Data section →
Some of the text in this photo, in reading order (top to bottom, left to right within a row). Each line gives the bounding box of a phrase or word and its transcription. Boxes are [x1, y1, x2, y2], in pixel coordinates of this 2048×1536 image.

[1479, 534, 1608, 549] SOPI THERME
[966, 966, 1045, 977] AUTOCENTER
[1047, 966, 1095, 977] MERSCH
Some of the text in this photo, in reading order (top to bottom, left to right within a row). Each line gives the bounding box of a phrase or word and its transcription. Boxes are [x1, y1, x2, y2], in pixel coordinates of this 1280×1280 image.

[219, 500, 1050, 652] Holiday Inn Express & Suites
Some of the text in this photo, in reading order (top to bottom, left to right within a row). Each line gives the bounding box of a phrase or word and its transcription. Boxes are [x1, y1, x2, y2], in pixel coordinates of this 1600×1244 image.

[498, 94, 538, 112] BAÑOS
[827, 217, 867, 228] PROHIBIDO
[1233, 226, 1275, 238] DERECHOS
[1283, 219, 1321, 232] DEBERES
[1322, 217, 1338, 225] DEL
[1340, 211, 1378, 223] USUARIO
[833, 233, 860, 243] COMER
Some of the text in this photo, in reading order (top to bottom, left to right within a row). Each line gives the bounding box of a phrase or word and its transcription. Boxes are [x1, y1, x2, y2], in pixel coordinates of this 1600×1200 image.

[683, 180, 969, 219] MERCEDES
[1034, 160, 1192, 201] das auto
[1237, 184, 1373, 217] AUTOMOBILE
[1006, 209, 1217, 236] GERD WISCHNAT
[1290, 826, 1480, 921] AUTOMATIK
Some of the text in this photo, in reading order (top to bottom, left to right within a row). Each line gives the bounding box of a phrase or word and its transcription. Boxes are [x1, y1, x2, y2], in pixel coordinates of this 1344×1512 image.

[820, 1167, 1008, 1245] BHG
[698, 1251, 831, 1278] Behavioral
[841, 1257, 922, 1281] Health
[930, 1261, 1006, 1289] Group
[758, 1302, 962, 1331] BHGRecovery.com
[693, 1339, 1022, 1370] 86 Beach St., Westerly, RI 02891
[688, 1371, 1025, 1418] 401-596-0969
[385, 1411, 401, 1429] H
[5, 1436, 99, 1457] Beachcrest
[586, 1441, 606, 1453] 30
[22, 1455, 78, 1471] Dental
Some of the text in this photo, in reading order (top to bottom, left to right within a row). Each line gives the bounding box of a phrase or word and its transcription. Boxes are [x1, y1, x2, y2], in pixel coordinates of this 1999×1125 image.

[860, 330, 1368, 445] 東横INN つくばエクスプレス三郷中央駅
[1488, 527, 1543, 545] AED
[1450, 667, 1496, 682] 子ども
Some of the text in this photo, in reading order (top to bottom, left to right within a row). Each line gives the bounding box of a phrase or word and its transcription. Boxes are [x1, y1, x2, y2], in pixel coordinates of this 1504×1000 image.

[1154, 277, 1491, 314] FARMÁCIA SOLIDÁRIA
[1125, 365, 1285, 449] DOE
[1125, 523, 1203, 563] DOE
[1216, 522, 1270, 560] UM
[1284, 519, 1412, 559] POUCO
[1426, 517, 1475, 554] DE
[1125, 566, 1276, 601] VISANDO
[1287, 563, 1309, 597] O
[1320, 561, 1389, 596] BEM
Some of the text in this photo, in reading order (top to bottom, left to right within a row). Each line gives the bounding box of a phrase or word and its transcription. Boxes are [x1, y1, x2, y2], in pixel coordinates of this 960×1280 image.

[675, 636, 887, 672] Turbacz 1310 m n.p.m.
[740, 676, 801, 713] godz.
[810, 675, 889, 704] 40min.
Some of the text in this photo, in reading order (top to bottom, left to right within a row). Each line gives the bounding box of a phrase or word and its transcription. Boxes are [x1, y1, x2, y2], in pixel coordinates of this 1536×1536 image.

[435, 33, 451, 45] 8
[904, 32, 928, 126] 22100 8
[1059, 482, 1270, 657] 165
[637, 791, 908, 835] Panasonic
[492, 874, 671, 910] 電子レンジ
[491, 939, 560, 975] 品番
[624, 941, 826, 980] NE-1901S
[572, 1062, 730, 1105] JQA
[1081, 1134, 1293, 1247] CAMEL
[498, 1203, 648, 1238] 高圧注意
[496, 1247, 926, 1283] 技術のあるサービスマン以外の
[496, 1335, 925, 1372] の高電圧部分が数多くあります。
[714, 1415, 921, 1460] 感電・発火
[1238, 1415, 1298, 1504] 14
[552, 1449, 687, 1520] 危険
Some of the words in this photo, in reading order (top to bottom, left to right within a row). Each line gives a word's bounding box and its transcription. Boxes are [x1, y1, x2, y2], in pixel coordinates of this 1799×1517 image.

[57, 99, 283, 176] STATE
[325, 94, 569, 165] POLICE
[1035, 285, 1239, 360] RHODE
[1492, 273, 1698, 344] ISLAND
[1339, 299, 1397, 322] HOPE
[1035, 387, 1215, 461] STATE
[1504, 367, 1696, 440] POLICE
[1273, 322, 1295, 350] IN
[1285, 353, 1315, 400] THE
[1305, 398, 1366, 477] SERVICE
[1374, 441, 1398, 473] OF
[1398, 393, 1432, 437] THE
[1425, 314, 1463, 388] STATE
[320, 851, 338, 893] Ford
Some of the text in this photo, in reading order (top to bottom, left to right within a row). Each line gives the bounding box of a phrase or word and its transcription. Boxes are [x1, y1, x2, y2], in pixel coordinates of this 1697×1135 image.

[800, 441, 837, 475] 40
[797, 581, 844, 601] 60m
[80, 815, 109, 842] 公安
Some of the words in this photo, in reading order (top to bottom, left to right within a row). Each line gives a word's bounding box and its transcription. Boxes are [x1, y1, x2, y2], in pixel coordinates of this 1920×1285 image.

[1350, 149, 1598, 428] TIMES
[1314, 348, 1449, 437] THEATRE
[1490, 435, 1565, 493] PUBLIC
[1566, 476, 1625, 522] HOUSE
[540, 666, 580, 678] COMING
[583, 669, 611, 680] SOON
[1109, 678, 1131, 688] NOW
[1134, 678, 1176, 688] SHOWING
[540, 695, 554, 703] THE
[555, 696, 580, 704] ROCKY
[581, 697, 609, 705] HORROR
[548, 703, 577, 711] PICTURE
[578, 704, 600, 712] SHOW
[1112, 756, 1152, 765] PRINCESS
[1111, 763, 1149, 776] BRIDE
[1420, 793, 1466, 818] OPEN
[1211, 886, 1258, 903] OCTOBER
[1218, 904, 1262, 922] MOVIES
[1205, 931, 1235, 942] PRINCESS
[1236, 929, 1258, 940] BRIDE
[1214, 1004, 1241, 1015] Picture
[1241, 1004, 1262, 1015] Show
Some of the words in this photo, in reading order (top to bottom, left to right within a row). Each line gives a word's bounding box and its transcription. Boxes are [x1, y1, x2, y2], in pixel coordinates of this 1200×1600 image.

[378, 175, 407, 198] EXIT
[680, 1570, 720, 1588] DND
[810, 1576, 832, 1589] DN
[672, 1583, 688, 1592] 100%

Problem requirements → Write out the records once more, precisely as they stand.

Response to the task →
Some of the text in this photo, in reading order (top to bottom, left to right within a row). Each line gives the bounding box of a phrase or word and its transcription. Boxes are [x1, y1, x2, y2], in pixel coordinates of this 2048×1536 image.

[1479, 534, 1608, 549] SOPI THERME
[966, 966, 1045, 977] AUTOCENTER
[1047, 966, 1095, 977] MERSCH
Some of the text in this photo, in reading order (top to bottom, left to right within a row). Each line gives the bounding box of a phrase or word and its transcription. Boxes are [x1, y1, x2, y2], in pixel coordinates of this 1280×1280 image.

[219, 500, 1050, 652] Holiday Inn Express & Suites
Some of the text in this photo, in reading order (top to bottom, left to right within a row). Each line gives the bounding box of a phrase or word and its transcription. Boxes are [x1, y1, x2, y2], in pixel coordinates of this 1600×1244 image.

[498, 94, 538, 112] BAÑOS
[827, 217, 867, 228] PROHIBIDO
[1233, 226, 1275, 238] DERECHOS
[1283, 219, 1321, 232] DEBERES
[1322, 217, 1338, 225] DEL
[1340, 211, 1378, 223] USUARIO
[833, 233, 860, 243] COMER
Some of the text in this photo, in reading order (top to bottom, left to right within a row). Each line gives the bounding box of a phrase or word and its transcription. Boxes are [x1, y1, x2, y2], in pixel coordinates of this 1600×1200 image.

[683, 180, 969, 219] MERCEDES
[1034, 160, 1192, 201] das auto
[1237, 184, 1373, 217] AUTOMOBILE
[1006, 209, 1217, 236] GERD WISCHNAT
[1290, 826, 1480, 921] AUTOMATIK
Some of the text in this photo, in reading order (top to bottom, left to right within a row). Each line gives the bounding box of a phrase or word and its transcription. Boxes are [x1, y1, x2, y2], in pixel coordinates of this 1344×1512 image.

[820, 1167, 1008, 1245] BHG
[698, 1251, 831, 1278] Behavioral
[841, 1257, 922, 1281] Health
[930, 1261, 1006, 1289] Group
[758, 1302, 962, 1331] BHGRecovery.com
[693, 1339, 1022, 1370] 86 Beach St., Westerly, RI 02891
[688, 1371, 1025, 1418] 401-596-0969
[385, 1411, 401, 1429] H
[5, 1436, 99, 1457] Beachcrest
[586, 1441, 606, 1453] 30
[22, 1455, 78, 1471] Dental
Some of the text in this photo, in reading order (top to bottom, left to right within a row). Each line gives the bounding box of a phrase or word and its transcription. Boxes are [x1, y1, x2, y2], in pixel coordinates of this 1999×1125 image.

[860, 330, 1368, 445] 東横INN つくばエクスプレス三郷中央駅
[1488, 527, 1543, 545] AED
[1450, 667, 1496, 682] 子ども
Some of the text in this photo, in reading order (top to bottom, left to right within a row). Each line gives the bounding box of a phrase or word and its transcription. Boxes are [x1, y1, x2, y2], in pixel coordinates of this 1504×1000 image.

[1154, 277, 1491, 314] FARMÁCIA SOLIDÁRIA
[1125, 365, 1285, 449] DOE
[1125, 523, 1203, 563] DOE
[1216, 522, 1270, 560] UM
[1284, 519, 1412, 559] POUCO
[1426, 517, 1475, 554] DE
[1125, 566, 1276, 601] VISANDO
[1287, 563, 1309, 597] O
[1320, 561, 1389, 596] BEM
Some of the text in this photo, in reading order (top to bottom, left to right within a row). Each line gives the bounding box of a phrase or word and its transcription. Boxes are [x1, y1, x2, y2], in pixel coordinates of this 960×1280 image.

[675, 636, 887, 672] Turbacz 1310 m n.p.m.
[740, 676, 801, 713] godz.
[810, 675, 889, 704] 40min.
Some of the text in this photo, in reading order (top to bottom, left to right within a row). Each line gives the bounding box of a phrase or word and its transcription. Boxes are [x1, y1, x2, y2], in pixel coordinates of this 1536×1536 image.

[435, 33, 451, 45] 8
[904, 32, 928, 126] 22100 8
[1059, 482, 1270, 657] 165
[637, 791, 908, 835] Panasonic
[492, 874, 671, 910] 電子レンジ
[491, 939, 560, 975] 品番
[624, 941, 826, 980] NE-1901S
[572, 1062, 730, 1105] JQA
[1081, 1134, 1293, 1247] CAMEL
[498, 1203, 648, 1238] 高圧注意
[496, 1247, 926, 1283] 技術のあるサービスマン以外の
[496, 1335, 925, 1372] の高電圧部分が数多くあります。
[714, 1415, 921, 1460] 感電・発火
[1238, 1415, 1298, 1504] 14
[552, 1449, 687, 1520] 危険
Some of the words in this photo, in reading order (top to bottom, left to right within a row). Each line gives a word's bounding box and its transcription. Boxes are [x1, y1, x2, y2], in pixel coordinates of this 1799×1517 image.

[57, 99, 283, 176] STATE
[325, 94, 569, 165] POLICE
[1035, 285, 1239, 360] RHODE
[1492, 273, 1698, 344] ISLAND
[1339, 299, 1397, 322] HOPE
[1035, 387, 1215, 461] STATE
[1504, 367, 1696, 440] POLICE
[1273, 322, 1295, 350] IN
[1285, 353, 1315, 400] THE
[1305, 398, 1366, 477] SERVICE
[1374, 441, 1398, 473] OF
[1398, 393, 1432, 437] THE
[1425, 314, 1463, 388] STATE
[320, 851, 338, 893] Ford
Some of the text in this photo, in reading order (top to bottom, left to right within a row). Each line gives the bounding box of a phrase or word and its transcription. Boxes are [x1, y1, x2, y2], in pixel coordinates of this 1697×1135 image.

[800, 441, 837, 475] 40
[797, 581, 844, 601] 60m
[80, 815, 109, 842] 公安
Some of the words in this photo, in reading order (top to bottom, left to right within a row). Each line gives a word's bounding box and its transcription. Boxes are [x1, y1, x2, y2], in pixel coordinates of this 1920×1285 image.

[1350, 149, 1598, 428] TIMES
[1314, 348, 1449, 437] THEATRE
[1490, 435, 1565, 493] PUBLIC
[1566, 476, 1625, 522] HOUSE
[540, 666, 580, 678] COMING
[583, 669, 611, 680] SOON
[1109, 678, 1131, 688] NOW
[1134, 678, 1176, 688] SHOWING
[540, 695, 554, 703] THE
[555, 696, 580, 704] ROCKY
[581, 697, 609, 705] HORROR
[548, 703, 577, 711] PICTURE
[578, 704, 600, 712] SHOW
[1112, 756, 1152, 765] PRINCESS
[1111, 763, 1149, 776] BRIDE
[1420, 793, 1466, 818] OPEN
[1211, 886, 1258, 903] OCTOBER
[1218, 904, 1262, 922] MOVIES
[1205, 931, 1235, 942] PRINCESS
[1236, 929, 1258, 940] BRIDE
[1214, 1004, 1241, 1015] Picture
[1241, 1004, 1262, 1015] Show
Some of the words in this photo, in reading order (top to bottom, left to right within a row). Each line gives a word's bounding box and its transcription. Boxes are [x1, y1, x2, y2], in pixel coordinates of this 1200×1600 image.

[378, 175, 407, 198] EXIT
[680, 1570, 720, 1588] DND
[810, 1576, 832, 1589] DN
[672, 1583, 688, 1592] 100%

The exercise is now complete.